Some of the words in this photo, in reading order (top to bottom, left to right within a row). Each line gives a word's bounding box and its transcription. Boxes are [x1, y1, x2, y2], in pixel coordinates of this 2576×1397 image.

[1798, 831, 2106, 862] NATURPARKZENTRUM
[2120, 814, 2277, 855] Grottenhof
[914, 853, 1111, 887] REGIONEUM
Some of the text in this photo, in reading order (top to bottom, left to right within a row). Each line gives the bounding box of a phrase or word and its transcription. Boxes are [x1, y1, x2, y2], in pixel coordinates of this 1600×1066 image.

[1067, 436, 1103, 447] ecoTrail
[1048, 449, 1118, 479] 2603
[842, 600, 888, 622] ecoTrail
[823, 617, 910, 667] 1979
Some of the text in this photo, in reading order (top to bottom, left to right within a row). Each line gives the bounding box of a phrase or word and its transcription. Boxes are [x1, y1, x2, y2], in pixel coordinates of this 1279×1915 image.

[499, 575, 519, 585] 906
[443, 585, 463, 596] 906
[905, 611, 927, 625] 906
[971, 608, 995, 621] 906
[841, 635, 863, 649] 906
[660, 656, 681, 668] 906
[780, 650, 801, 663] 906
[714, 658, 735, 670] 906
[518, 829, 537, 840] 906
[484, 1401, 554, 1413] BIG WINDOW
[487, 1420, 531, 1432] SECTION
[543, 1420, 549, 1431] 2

What needs to be done –
Restate each of the entries above verbatim.

Your response –
Some of the words in this photo, in reading order (top to bottom, left to right within a row). Each line gives a word's bounding box and its transcription. Boxes are [x1, y1, x2, y2], in pixel coordinates of this 2576×1397 image.

[1798, 831, 2106, 862] NATURPARKZENTRUM
[2120, 814, 2277, 855] Grottenhof
[914, 853, 1111, 887] REGIONEUM
Some of the text in this photo, in reading order (top to bottom, left to right within a row). Each line gives the bounding box of a phrase or word and its transcription. Boxes are [x1, y1, x2, y2], in pixel coordinates of this 1600×1066 image.

[1067, 436, 1103, 447] ecoTrail
[1048, 449, 1118, 479] 2603
[842, 600, 888, 622] ecoTrail
[823, 617, 910, 667] 1979
Some of the text in this photo, in reading order (top to bottom, left to right within a row). Each line gives the bounding box of a phrase or word and its transcription. Boxes are [x1, y1, x2, y2], in pixel coordinates of this 1279×1915 image.

[499, 575, 519, 585] 906
[443, 585, 463, 596] 906
[905, 611, 927, 625] 906
[971, 608, 995, 621] 906
[841, 635, 863, 649] 906
[660, 656, 681, 668] 906
[780, 650, 801, 663] 906
[714, 658, 735, 670] 906
[518, 829, 537, 840] 906
[484, 1401, 554, 1413] BIG WINDOW
[487, 1420, 531, 1432] SECTION
[543, 1420, 549, 1431] 2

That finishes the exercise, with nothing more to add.